Ne var ki, Atatürk ve arkadaşları yeni bir ulus devlet kurmak üzere gelmiş oldukları Ankara şehrinde bir devletsizlik durumu egemen olduğu için, Ankara kent yönetiminin yardımları ile yeni devletin kuruluş çalışmaları başlatılarak yola devam ediliyordu. Devlet boşluğunun doldurulması doğrultusunda kent yönetimi Heyeti Temsiliye’ye yardımcı oluyordu. Bu aşamada Ulus Meydanı kentin merkezi olarak belirleniyor ve burada bulunan bir okul binası daha sonra meclis binasına dönüştürülerek, yeni devletin ilan edileceği halk meclisi binası devreye sokuluyordu.

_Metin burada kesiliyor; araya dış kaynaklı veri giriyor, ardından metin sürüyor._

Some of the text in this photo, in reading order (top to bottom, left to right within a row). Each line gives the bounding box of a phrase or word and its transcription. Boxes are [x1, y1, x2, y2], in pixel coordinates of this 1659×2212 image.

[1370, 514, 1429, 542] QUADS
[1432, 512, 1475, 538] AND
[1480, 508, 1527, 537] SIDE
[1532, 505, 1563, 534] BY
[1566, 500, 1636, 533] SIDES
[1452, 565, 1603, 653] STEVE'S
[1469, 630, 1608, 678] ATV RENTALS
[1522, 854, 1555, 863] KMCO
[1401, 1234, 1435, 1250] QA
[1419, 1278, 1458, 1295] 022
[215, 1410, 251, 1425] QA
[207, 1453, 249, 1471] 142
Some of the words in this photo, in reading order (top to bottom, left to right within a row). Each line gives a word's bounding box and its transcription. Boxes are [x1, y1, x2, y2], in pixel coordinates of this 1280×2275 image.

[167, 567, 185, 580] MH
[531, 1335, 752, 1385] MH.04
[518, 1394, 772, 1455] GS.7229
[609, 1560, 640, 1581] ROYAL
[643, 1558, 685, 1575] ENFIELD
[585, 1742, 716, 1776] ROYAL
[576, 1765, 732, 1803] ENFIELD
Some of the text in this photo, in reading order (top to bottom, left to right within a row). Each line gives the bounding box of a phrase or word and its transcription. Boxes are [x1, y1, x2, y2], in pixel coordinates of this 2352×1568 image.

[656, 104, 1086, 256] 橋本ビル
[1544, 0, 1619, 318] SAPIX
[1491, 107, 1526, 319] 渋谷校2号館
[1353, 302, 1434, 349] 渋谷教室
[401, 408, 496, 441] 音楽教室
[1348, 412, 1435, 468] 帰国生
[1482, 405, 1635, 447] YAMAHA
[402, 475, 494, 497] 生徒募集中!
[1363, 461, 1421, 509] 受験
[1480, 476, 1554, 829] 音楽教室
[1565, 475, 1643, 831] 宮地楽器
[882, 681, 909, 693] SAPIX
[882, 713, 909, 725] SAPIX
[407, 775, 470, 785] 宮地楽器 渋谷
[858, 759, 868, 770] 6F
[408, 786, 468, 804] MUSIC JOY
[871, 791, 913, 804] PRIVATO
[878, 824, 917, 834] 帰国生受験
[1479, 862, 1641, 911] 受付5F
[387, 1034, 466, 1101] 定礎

Meclis yönetimi kurulurken öncelik anayasa yapımına verilmiyor aksine devletin başkenti olarak belirlenen Ankara’daki merkezi alandaki bazı büyük binalar, devletleşme sürecinin tamamlanması doğrultusunda kamu kurumlarına dönüştürülüyordu. Öncelikli kamu örgütlenmeleri sürdürülürken Ankara yeni devletin merkezi konumuna getiriliyor ama bir anayasa yapımı konusu için belirli bir bekleme dönemine giriliyordu. Uluslararası süreçte yaşanan gelişmelerin merkezi coğrafya için belirleyici olması durumu dikkate alınarak, bir devlet içinde olması gereken kamu kurumları devlet düzeni içinde öncelik sırasına göre teker teker oluşturularak, yeni devletin anayasasını hazırlamak için önemli adımlar atılıyordu. Merkezi yönetimi Balkanlar bölgesinde yer alan bir imparatorluğun arka ülkesinde ve de Asya toprakları üzerinde eskisinden daha küçük ölçülerde, ama gene de dünya standartlarında orta boy bir devlet olarak Türkiye Cumhuriyeti tarih sahnesine çıkıyordu. Önceden hazırlanmış bir anayasa olmadığı için devletleşme sürecinin başlangıcında bir anlamda kervanın yolda düzülmesi gibi işgale karşı direnişe geçilmesiyle birlikte, ülkenin ilk anayasa düzeni oluşturulurken yeni anayasaya geçiş aşamasında dayanak noktası olabilecek karar ve davranışlar bu duruma göre hazırlanıyordu. Kurtuluş savaşının ulusal önderinin Samsun’a ayak basması ile geleceğin başkenti Ankara’ya gelişi arasında altı aya yakın bir süre geçiyor ve bu zaman dilimi içinde yapılan Kongreler ve toplantılarla devletleşme sürecinin ilk adımları resmen kurucu önderin girişimleri ile örgütleniyordu. Ne var ki, Sivas Kongresinde Ankara’nın başkent ilan edilerek bu kentte devletin kuruluşuna karar verilmesine rağmen, Atatürk ve Kuvayı Milliye hareketi 23 Nisan günü Meclisin açılışını yapıyor ama yeni bir anayasa hazırlamak üzere siyasal gündemi yönlendirmiyordu.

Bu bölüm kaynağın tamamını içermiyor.